Janine Aversa positively identified one of the confiscated laptops as one of the items stolen from her home. But when she fired up the computer, there were programs on there that weren’t there before, including a Tor browser, the anonymous deep Web navigation tool.

Police also discovered “105 pages of alphanumeric code” in the search, the court affidavit states. Local law enforcement brought the digits to the U.S. Department of Homeland Security. Agents suspected the numbers were linked to bitcoin accounts. During the search of his home, Price admitted to knowing about the Internet currency, but he told investigators he didn’t have much and only occasionally used his Tor browser to visit AlphaBay, the recently shuttered online black market.
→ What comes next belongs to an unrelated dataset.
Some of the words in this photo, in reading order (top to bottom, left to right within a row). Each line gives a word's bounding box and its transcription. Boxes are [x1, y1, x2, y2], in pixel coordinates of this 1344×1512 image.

But within a few moments, Price switched his story, according to the affidavit. “Price stated that people hire him to do things for their companies,” the document stated. “Price elaborated stating he would write Trojan software to penetrate network systems.” He also told investigators “he had been hired by numerous foreign governments to develop penetration software.”

He said the numbers discovered by investigators were tied to bitcoin accounts. And Price, the documents say, explained he had developed software that essentially let him pick the digital pocket of bitcoin users.
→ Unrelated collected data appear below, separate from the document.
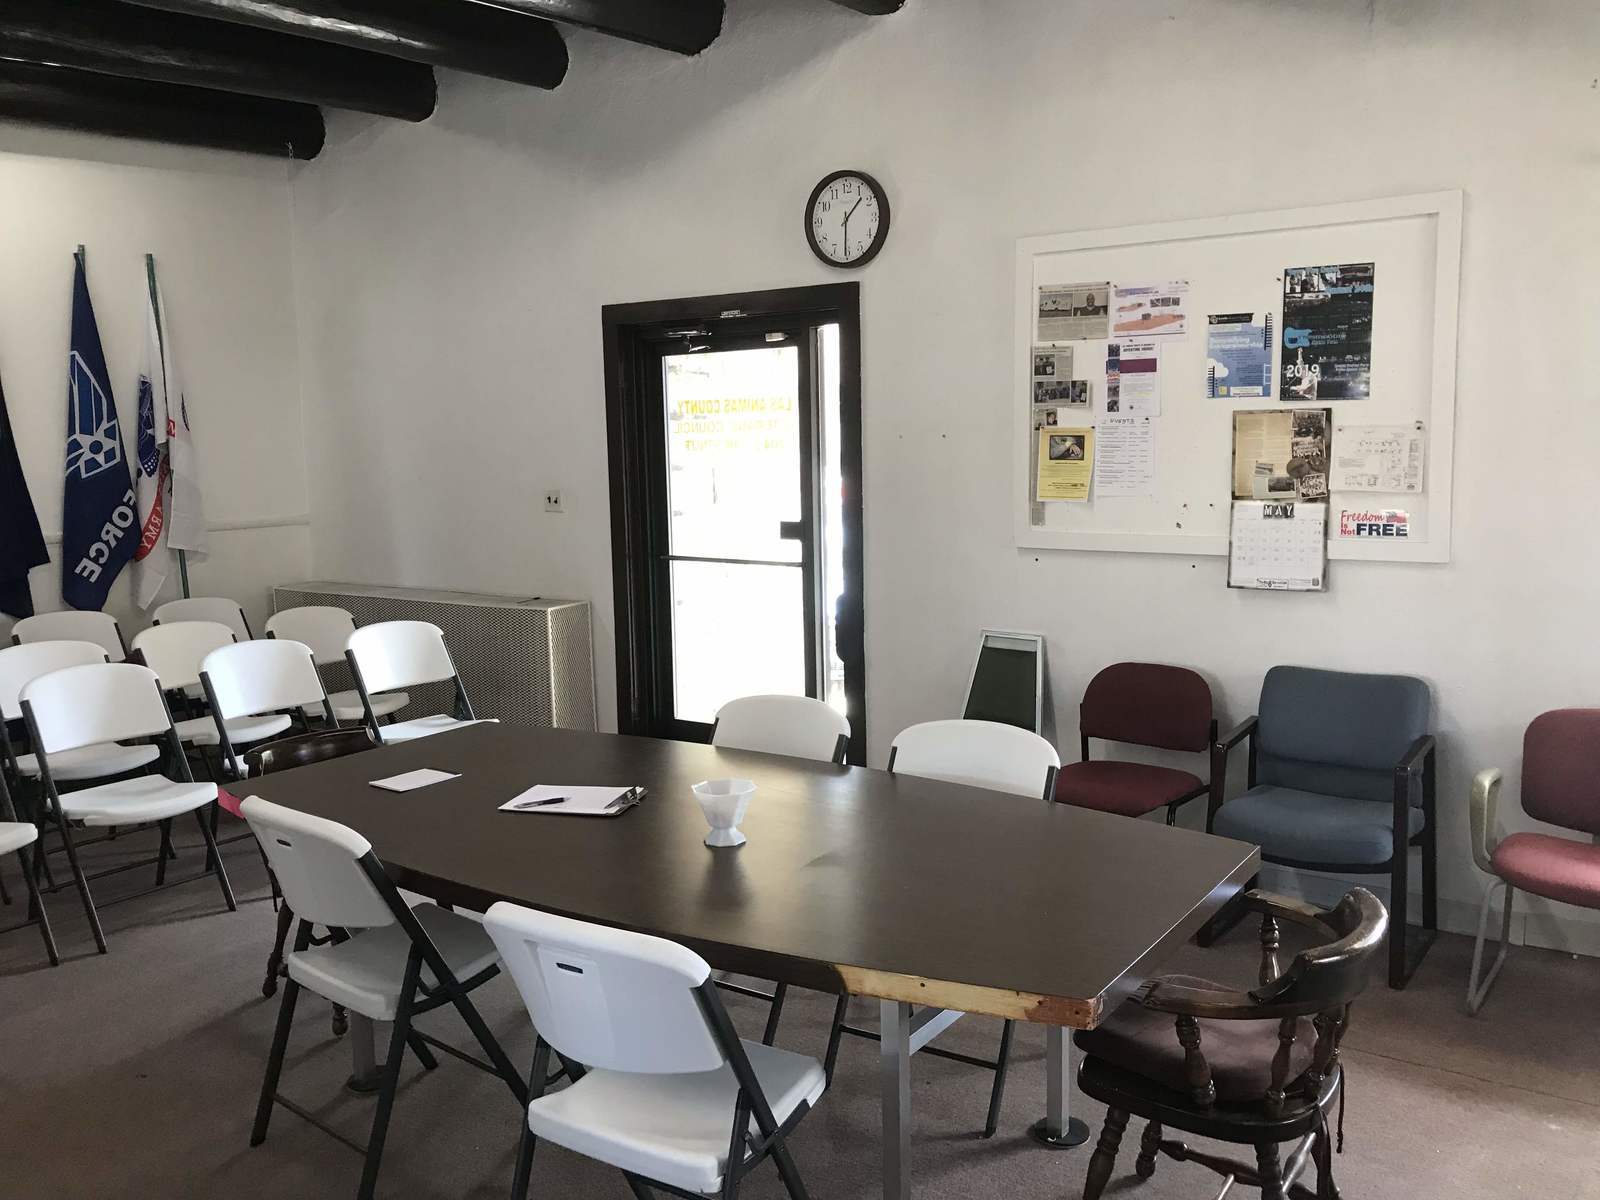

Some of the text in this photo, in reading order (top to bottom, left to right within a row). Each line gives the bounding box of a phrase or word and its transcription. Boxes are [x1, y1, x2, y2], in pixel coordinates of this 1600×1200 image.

[842, 182, 852, 194] 12
[831, 189, 839, 200] 11
[822, 201, 831, 213] 10
[866, 195, 873, 207] 2
[816, 217, 823, 228] 9
[871, 212, 878, 223] 3
[866, 228, 872, 239] 4
[831, 243, 838, 255] 7
[857, 240, 864, 252] 5
[1286, 364, 1319, 377] 2019
[1264, 505, 1292, 516] MAY
[1340, 510, 1385, 522] Freedom
[1356, 523, 1408, 536] FREE
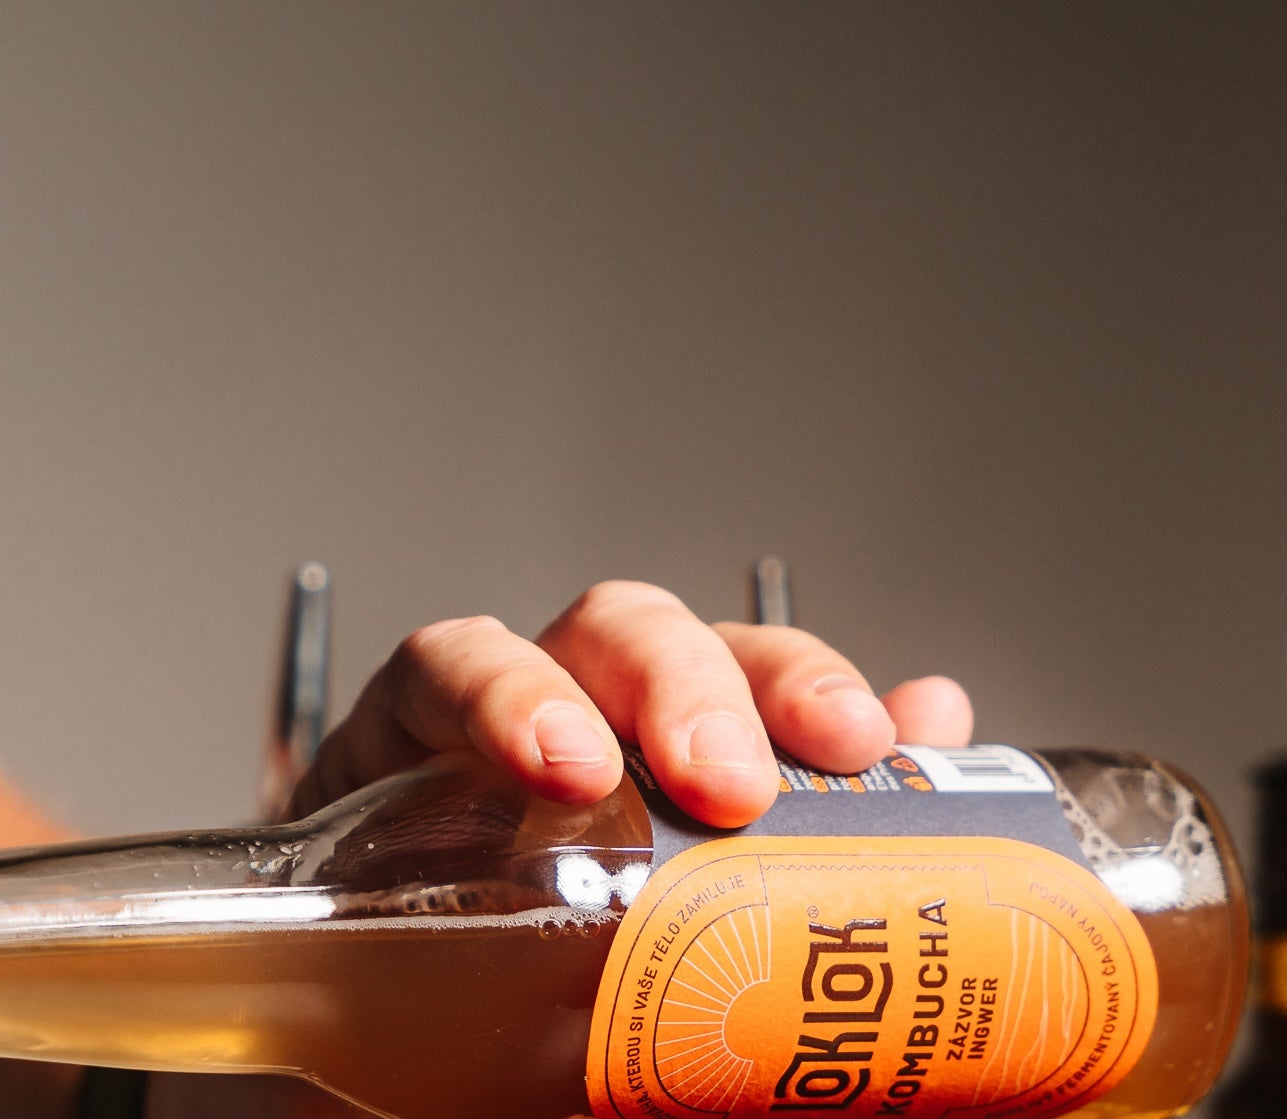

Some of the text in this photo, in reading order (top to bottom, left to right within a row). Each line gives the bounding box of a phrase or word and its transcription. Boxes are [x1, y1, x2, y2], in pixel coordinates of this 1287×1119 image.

[676, 873, 746, 925] ZAMILUJE
[650, 922, 680, 964] TĚLO
[1077, 916, 1117, 976] ČAJOVÝ
[634, 966, 658, 1010] VAŠE
[769, 918, 894, 1112] LOKLOK
[875, 897, 948, 1116] KOMBUCHA
[629, 1016, 645, 1032] SI
[946, 977, 978, 1061] ZÁZVOR
[967, 977, 999, 1060] INGWER
[1056, 980, 1120, 1096] FERMENTOVANÝ
[624, 1037, 645, 1094] KTEROU
“Price state that he purchased incomplete software from a vendor on Alpha Bay for approximately $50,” the complaint said. After tweaking the software, Price was able to come up with a program that would divert funds into his own accounts. “Price’s software recognizes the similar characters in another wallet and replaces it with Price’s acquired wallet,” according to the complaint.
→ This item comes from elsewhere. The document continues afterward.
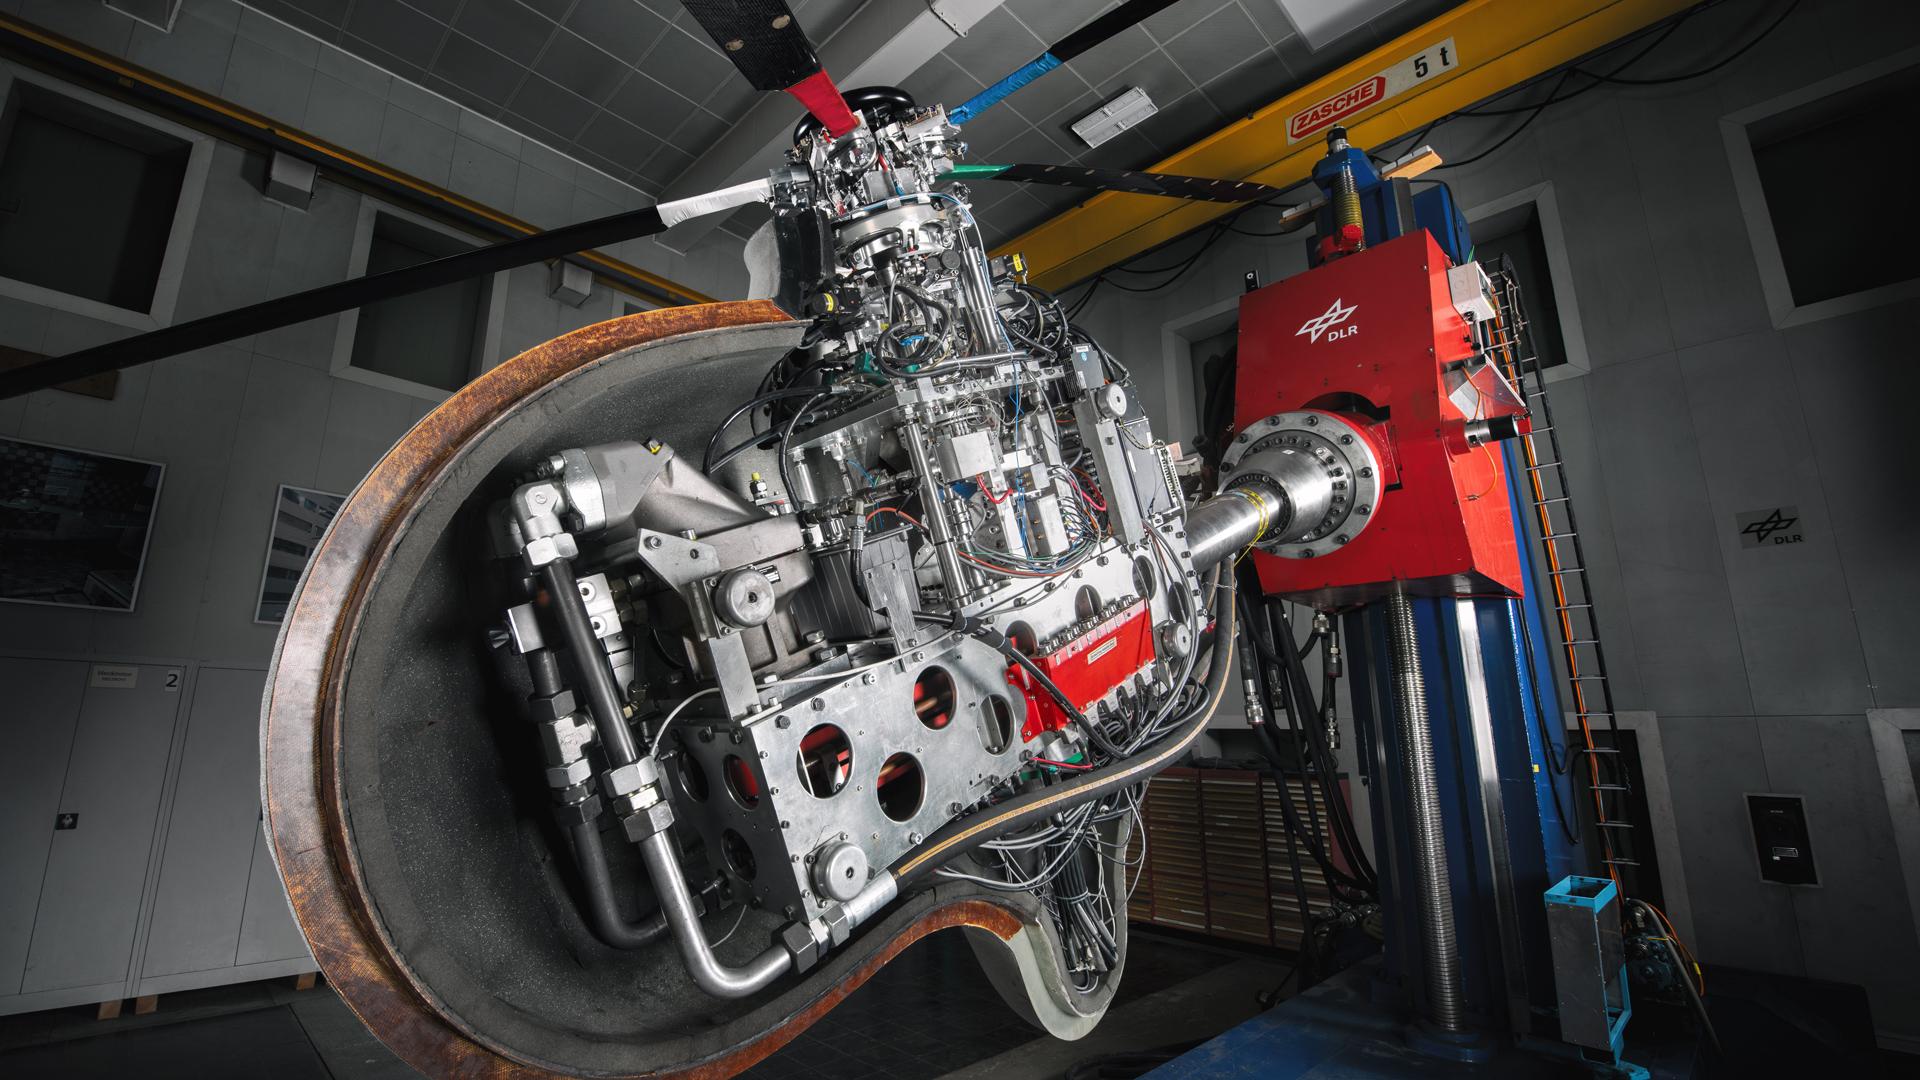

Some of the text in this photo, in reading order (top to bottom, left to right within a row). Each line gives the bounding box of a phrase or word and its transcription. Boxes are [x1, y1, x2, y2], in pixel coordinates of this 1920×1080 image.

“Because the bitcoin wallet address is a legitimate address, the user does not realize that bitcoin transaction is being diverted into a wallet other than theirs.” 

Price told police one of his bitcoin accounts contained $34.6 million, with millions more spread among other accounts. Court records indicate the total number might be between $40 and $50 million.

If he’s telling the truth, Price’s bitcoin scam would be one of the top five digital currency heists of all time, Emin Gun Sirer, a Cornell University computer science professor, told the Morning Call last week. In 2014, hackers yanked $436 million from Mt. Gox, a Japanese-based bitcoin exchange, following by a $127 million heist at Silk Road and a $56.4 million hit on the Sheep Marketplace exchange in 2013. But unlike Price’s heist, all the earlier big dollar hacks were largely the work of anonymous actors.

But if Price did have millions in bitcoin, as the Morning Call wondered, why was he so cash-broke he was stealing laptops and hocking $30 jewelry? The hacker told investigators he wasn’t able to cash out his bitcoin without drawing attention to himself; he also said he was planning on hiring a private jet to take him to England right before his arrest. He boasted of having a fake passport under the name “Jeremy Renner,” the same name as the actor featured in the “Avengers” movies, according to the complaint.

“The evidence in this case is strong,” a court document requesting Price remain in custody stated last week. “When approached by authorities, Price admitted that he had defrauded others of over $40 million in bitcoin, and that he currently possesses sole access to that currency.” They withdrew, at least for the moment, a charge of bitcoin theft.

Currently, Price is facing one count of identity theft and one count of fraudulent access of a device. More changes could be coming as a federal grand jury hears more evidence in the case, the Morning Call reports. Price’s public defender has not yet commented on the charges.